Your instructions - Retype only what runs from the line that contains "this 1500×1352 image." through the last line of the listing below, both lines included.

Extracted records -
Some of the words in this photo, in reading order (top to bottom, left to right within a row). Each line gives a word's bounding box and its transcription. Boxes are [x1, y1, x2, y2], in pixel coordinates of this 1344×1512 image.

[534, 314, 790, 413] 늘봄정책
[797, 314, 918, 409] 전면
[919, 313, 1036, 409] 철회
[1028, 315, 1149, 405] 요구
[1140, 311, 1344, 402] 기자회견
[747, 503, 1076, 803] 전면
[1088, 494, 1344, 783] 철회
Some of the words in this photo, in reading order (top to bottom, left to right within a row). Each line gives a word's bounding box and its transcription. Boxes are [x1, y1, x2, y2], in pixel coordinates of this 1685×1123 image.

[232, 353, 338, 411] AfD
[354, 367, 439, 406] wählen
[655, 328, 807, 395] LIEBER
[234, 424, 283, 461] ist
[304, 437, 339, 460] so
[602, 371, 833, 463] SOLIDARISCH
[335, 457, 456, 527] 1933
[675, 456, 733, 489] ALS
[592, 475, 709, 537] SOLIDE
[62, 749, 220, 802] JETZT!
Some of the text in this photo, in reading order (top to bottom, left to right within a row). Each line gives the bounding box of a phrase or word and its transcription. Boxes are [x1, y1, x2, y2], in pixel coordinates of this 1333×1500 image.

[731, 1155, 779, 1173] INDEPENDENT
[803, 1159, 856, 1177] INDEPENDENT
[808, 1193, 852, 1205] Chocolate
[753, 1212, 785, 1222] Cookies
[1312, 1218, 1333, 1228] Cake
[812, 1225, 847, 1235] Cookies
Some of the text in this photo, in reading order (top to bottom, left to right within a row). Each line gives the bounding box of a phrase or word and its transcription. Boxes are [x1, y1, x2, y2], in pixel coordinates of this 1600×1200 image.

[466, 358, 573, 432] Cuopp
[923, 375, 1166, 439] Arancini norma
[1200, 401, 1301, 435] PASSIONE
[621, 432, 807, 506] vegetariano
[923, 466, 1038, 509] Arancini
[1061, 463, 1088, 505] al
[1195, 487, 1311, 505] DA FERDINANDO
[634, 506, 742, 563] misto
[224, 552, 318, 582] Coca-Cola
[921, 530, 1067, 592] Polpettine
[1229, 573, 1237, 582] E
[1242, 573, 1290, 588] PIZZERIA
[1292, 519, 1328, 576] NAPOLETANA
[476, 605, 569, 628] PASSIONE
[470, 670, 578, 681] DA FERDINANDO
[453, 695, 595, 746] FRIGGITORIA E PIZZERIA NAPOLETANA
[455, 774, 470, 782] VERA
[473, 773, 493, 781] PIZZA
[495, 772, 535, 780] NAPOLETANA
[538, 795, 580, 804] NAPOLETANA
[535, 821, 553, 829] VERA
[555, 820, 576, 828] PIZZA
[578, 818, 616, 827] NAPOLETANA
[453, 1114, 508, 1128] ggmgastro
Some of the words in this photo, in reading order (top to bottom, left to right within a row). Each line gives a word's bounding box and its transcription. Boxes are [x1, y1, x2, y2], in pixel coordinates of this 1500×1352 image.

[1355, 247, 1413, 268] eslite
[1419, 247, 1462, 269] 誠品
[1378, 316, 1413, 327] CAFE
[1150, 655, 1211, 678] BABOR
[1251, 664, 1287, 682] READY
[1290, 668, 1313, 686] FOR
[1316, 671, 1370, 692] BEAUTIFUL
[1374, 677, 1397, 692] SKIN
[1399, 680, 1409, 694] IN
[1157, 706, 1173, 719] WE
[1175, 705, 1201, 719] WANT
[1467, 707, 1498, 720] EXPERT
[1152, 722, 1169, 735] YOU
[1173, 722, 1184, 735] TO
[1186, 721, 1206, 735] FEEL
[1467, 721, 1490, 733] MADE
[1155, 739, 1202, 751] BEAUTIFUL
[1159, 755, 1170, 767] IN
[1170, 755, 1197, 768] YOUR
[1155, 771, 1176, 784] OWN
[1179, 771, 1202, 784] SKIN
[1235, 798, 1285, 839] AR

Result for this exercise -
Some of the words in this photo, in reading order (top to bottom, left to right within a row). Each line gives a word's bounding box and its transcription. Boxes are [x1, y1, x2, y2], in pixel coordinates of this 1500×1352 image.

[1355, 247, 1413, 268] eslite
[1419, 247, 1462, 269] 誠品
[1378, 316, 1413, 327] CAFE
[1150, 655, 1211, 678] BABOR
[1251, 664, 1287, 682] READY
[1290, 668, 1313, 686] FOR
[1316, 671, 1370, 692] BEAUTIFUL
[1374, 677, 1397, 692] SKIN
[1399, 680, 1409, 694] IN
[1157, 706, 1173, 719] WE
[1175, 705, 1201, 719] WANT
[1467, 707, 1498, 720] EXPERT
[1152, 722, 1169, 735] YOU
[1173, 722, 1184, 735] TO
[1186, 721, 1206, 735] FEEL
[1467, 721, 1490, 733] MADE
[1155, 739, 1202, 751] BEAUTIFUL
[1159, 755, 1170, 767] IN
[1170, 755, 1197, 768] YOUR
[1155, 771, 1176, 784] OWN
[1179, 771, 1202, 784] SKIN
[1235, 798, 1285, 839] AR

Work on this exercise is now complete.